In our daily world, things obey common sense: objects cannot be in two places at the same time and exist even when we do not look at them. However, there is another area – the world of quantum mechanics, where nothing is definite, and one atom or molecule can be in several places until they are observed.
The question arises: does reality really obey one set of laws for Macro and another for micro? Most physicists do not accept the idea of a divided universe. The theoretician from the University College of London (UCL) Sugato Bosom believes that quantum mechanics are not observed on the scale of large objects due to insufficient isolation from the environment, which would see quantum properties. Bosos and his colleagues from the UK and India plan to conduct an experiment that must determine whether large objects are subordinate to the strange laws of quantum theory.
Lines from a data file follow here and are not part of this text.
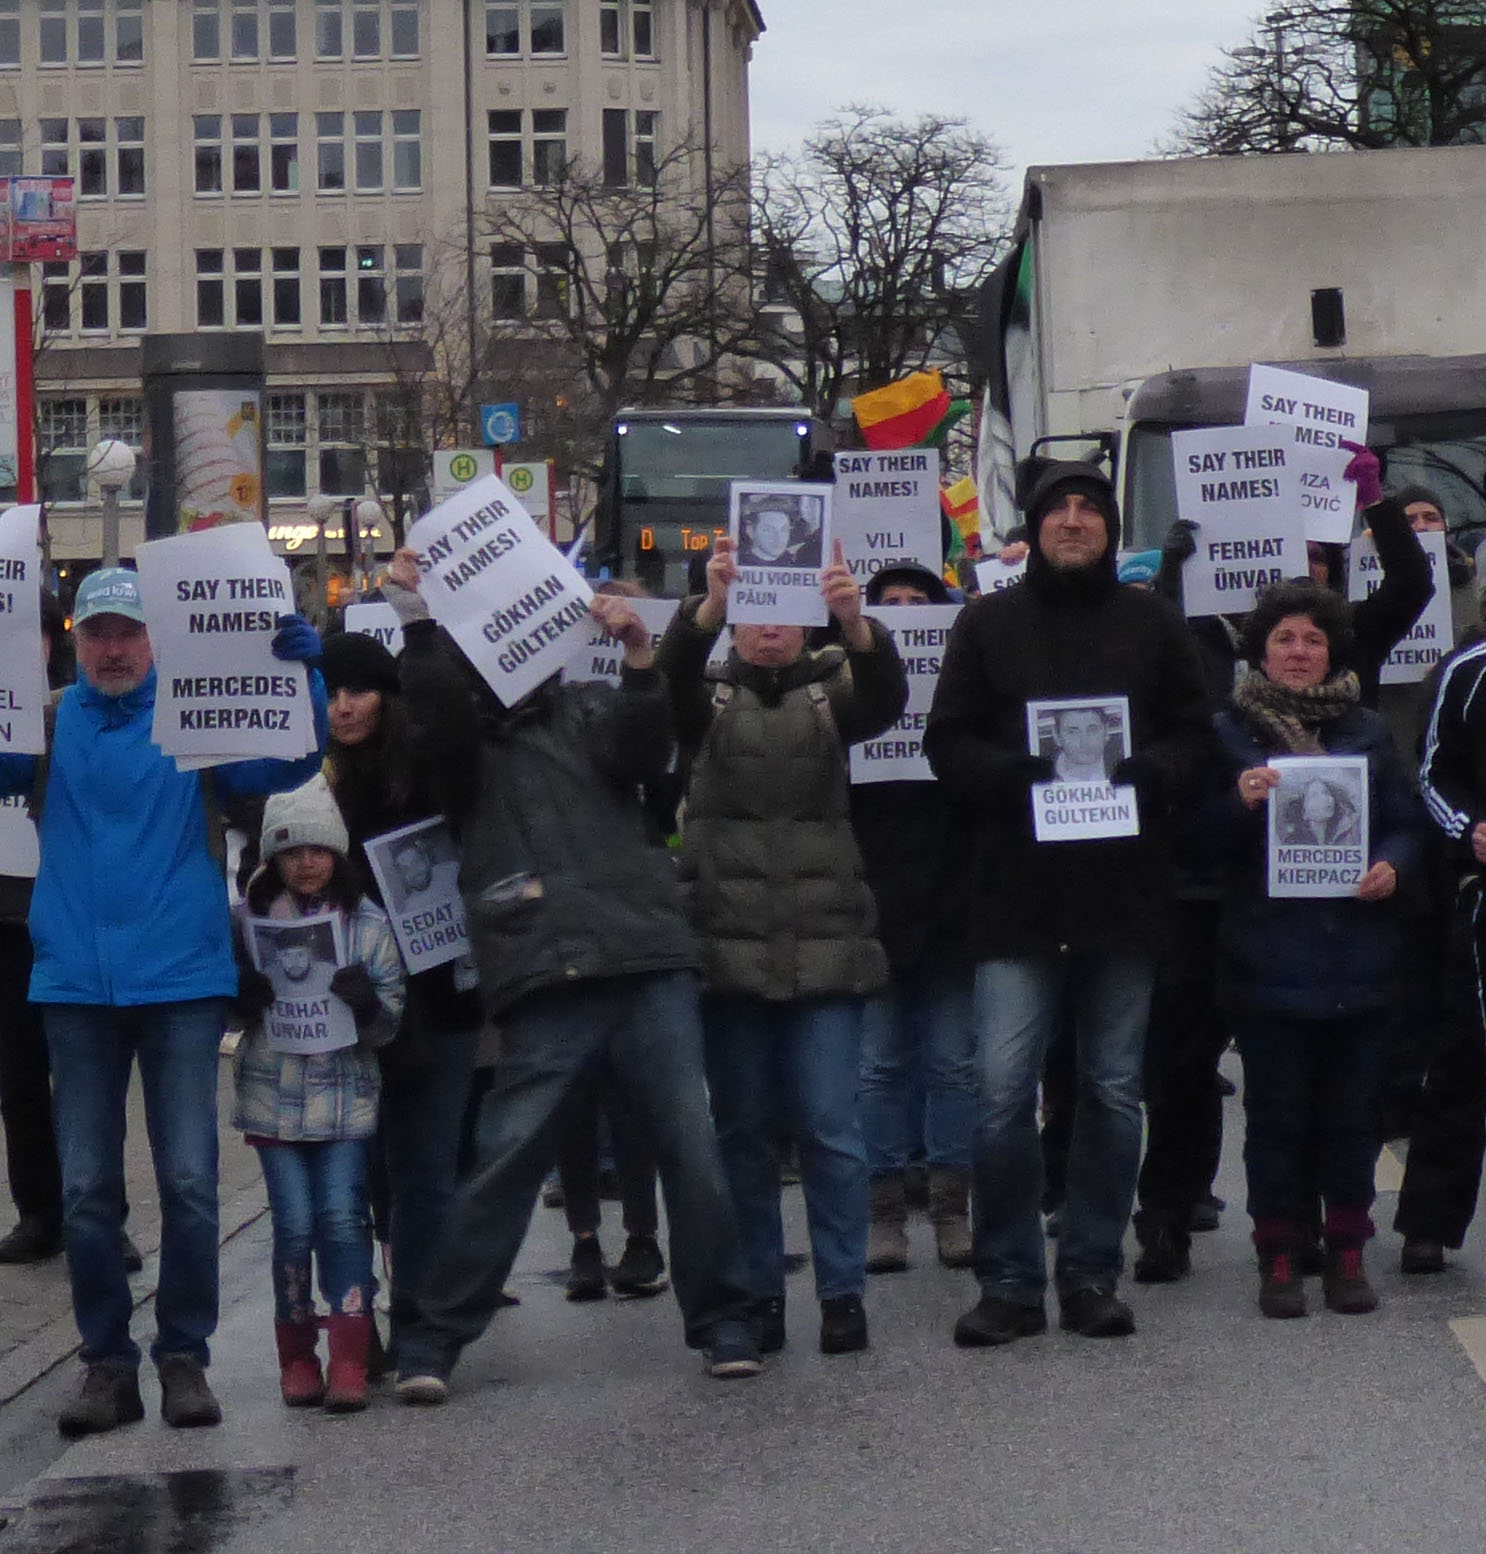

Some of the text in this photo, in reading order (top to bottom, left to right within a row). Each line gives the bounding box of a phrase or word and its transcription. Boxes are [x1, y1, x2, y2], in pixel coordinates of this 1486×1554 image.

[1261, 394, 1356, 428] SAY THEIR
[1295, 426, 1343, 450] MES!
[839, 455, 928, 473] SAY THEIR
[1188, 448, 1286, 474] SAY THEIR
[849, 481, 918, 499] NAMES!
[1201, 478, 1280, 502] NAMES!
[414, 499, 511, 574] SAY THEIR
[865, 532, 905, 548] VILI
[442, 528, 522, 592] NAMES!
[1208, 538, 1285, 561] FERHAT
[176, 578, 286, 602] SAY THEIR
[767, 571, 819, 587] VIOREL
[1214, 566, 1283, 591] ÜNVAR
[482, 575, 566, 644] GÖKHAN
[189, 611, 282, 634] NAMES!
[497, 597, 591, 674] GÜLTEKIN
[1387, 648, 1442, 666] LTEKIN
[172, 676, 298, 699] MERCEDES
[180, 708, 291, 731] KIERPACZ
[1043, 785, 1117, 805] GÖKHAN
[1044, 805, 1130, 825] GÜLTEKIN
[1278, 848, 1363, 864] MERCEDES
[1278, 869, 1361, 885] KIERPACZ
[402, 902, 454, 937] SEDAT
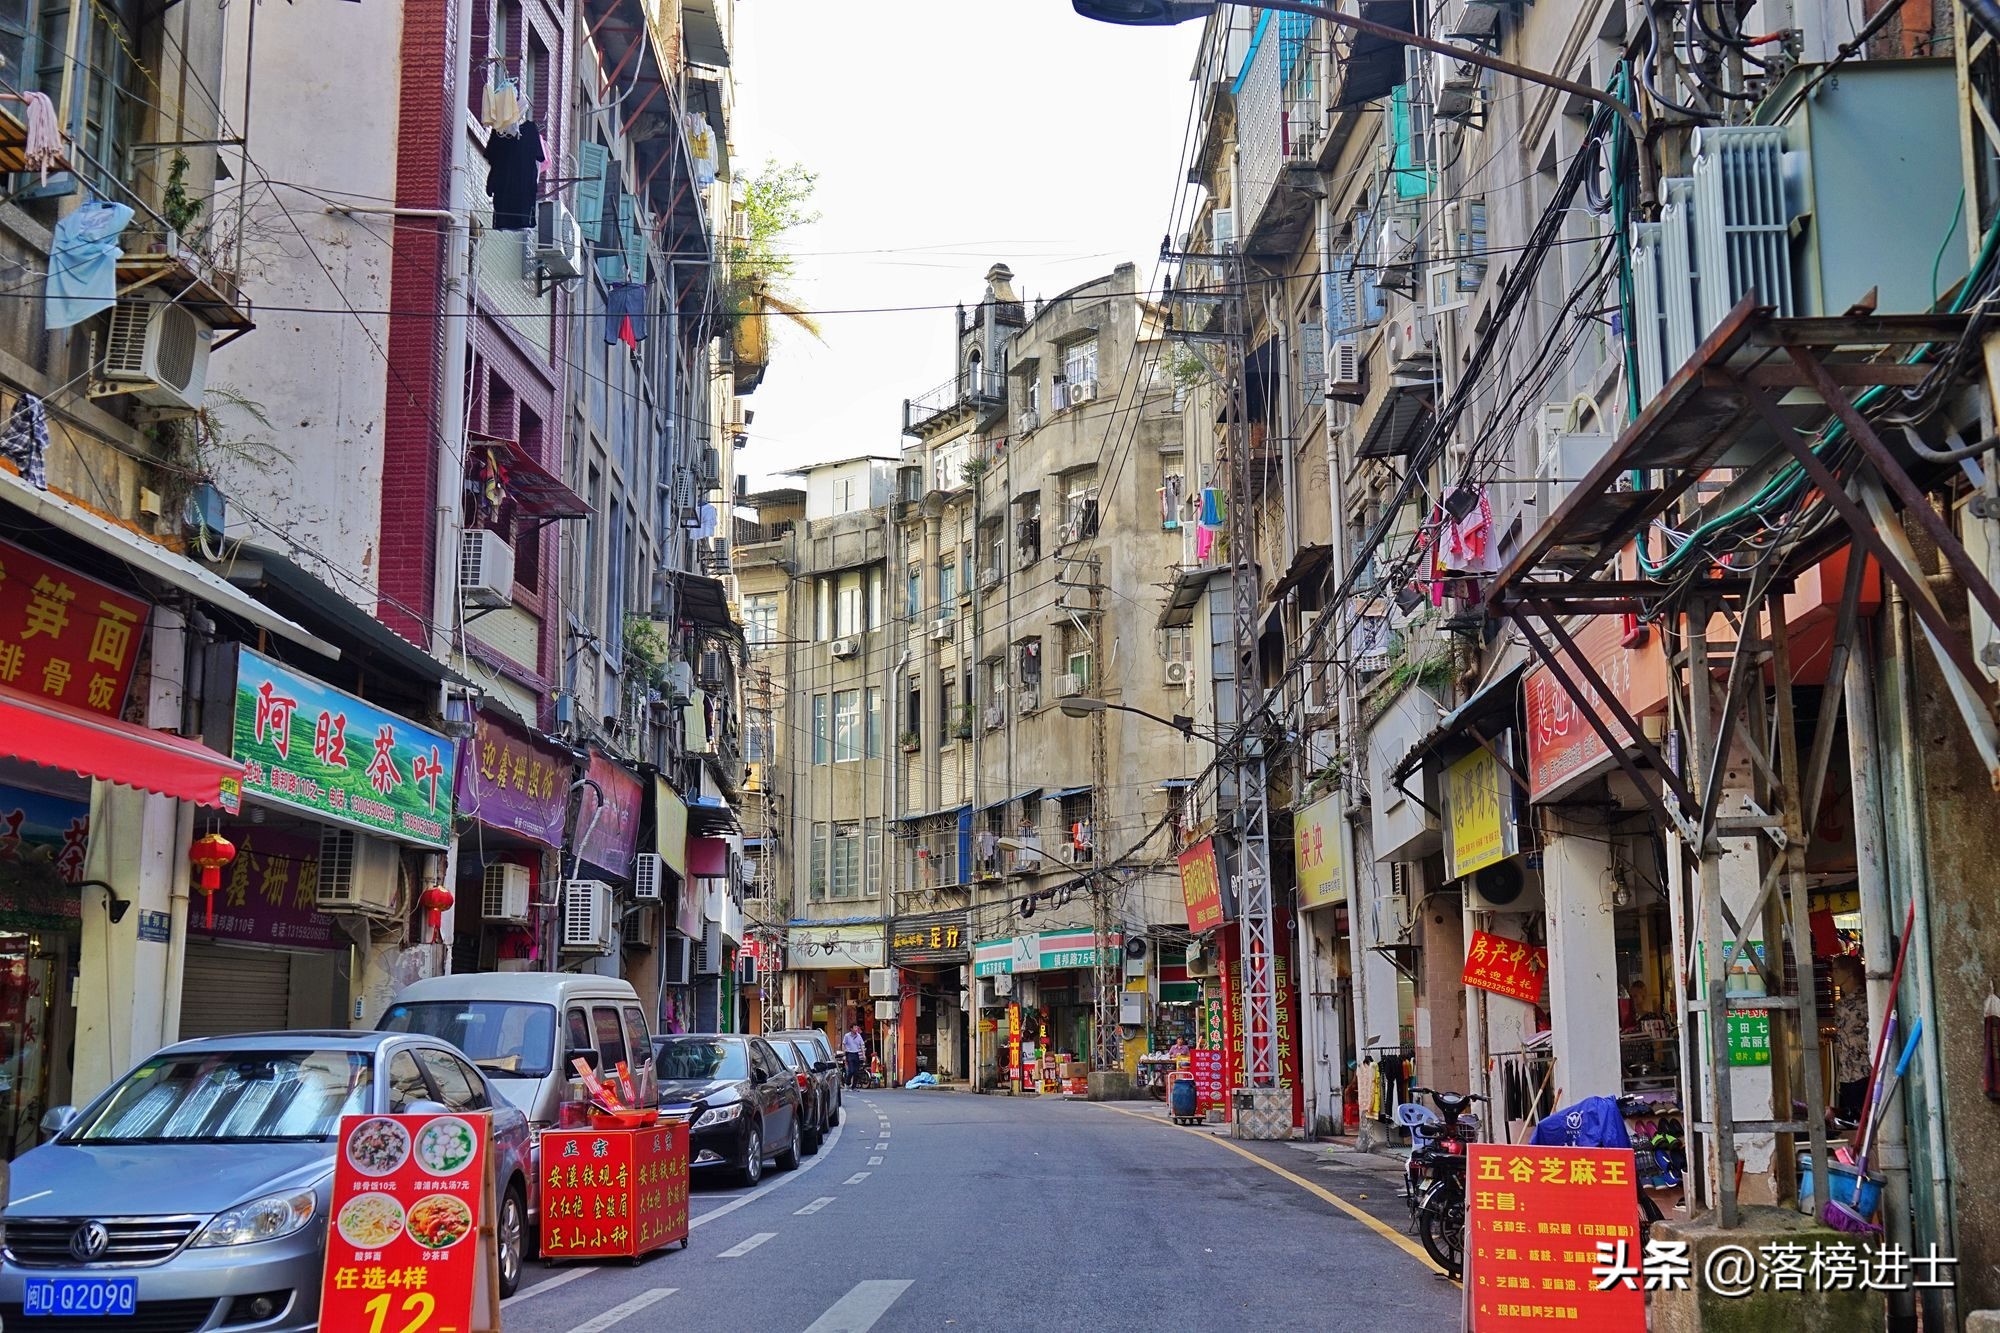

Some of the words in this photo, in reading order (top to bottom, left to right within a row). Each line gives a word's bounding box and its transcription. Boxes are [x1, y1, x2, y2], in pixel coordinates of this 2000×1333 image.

[0, 559, 138, 672] 笋面
[0, 640, 118, 711] 排骨饭
[255, 680, 443, 815] 阿旺茶叶
[1470, 935, 1546, 977] 房产中介
[1463, 975, 1516, 995] 18059232599
[1474, 967, 1531, 990] 欢迎委托
[1009, 1005, 1020, 1068] 超市
[563, 1139, 609, 1157] 正宗
[548, 1162, 629, 1189] 安溪铁观音
[638, 1155, 687, 1186] 安溪铁观音
[1477, 1156, 1628, 1186] 五谷芝麻王
[353, 1181, 397, 1191] 排骨饭10元
[548, 1193, 584, 1219] 大红袍
[592, 1192, 628, 1220] 金骏眉
[549, 1226, 629, 1250] 正山小种
[639, 1210, 686, 1245] 正山小种
[422, 1251, 449, 1261] 沙茶面
[334, 1266, 428, 1290] 任选4样
[364, 1291, 457, 1333] 12
In a recent article in the journal Physical Review Letters, an experiment is described that dates back to the famous mental task of Ervin Schredinger, formulated almost a century ago. Schrödingger proposed to consider the situation with a cat locked in a closed box along with a poison bottle, which can break up with a 50% probability. According to the principles of quantum mechanics, until no one opens the box, the cat is simultaneously alive and dead.
This famous mental experiment demonstrates the absurdity of the application of quantum rules to macroscopic objects. In the new work, physicists implemented Schrödinger’s situation in the laboratory, placing a micro -Rusonator in a quantum superposition of two conditions. This made it possible to demonstrate quantum uncertainty for a macroscopic object.
An experimental installation with optical levitation in the Hendrick Ulbricht Laboratory at the University of Southampton in England involves the use of lasers to suspend the single nicrixing silica in a vacuum chamber. Despite the fact that the size of the particle is only about 100 nanometers, which approximately corresponds to the size of the virus, it is a thousand times larger than molecular clusters, previously considered an indicator of “quantum”.
Researchers set themselves the task of finding out whether quantum mechanics are really applicable to everything, regardless of size. This can allow physicists to see the true quantum behavior of objects, even relatively large, if they can be isolated from almost everything in the environment.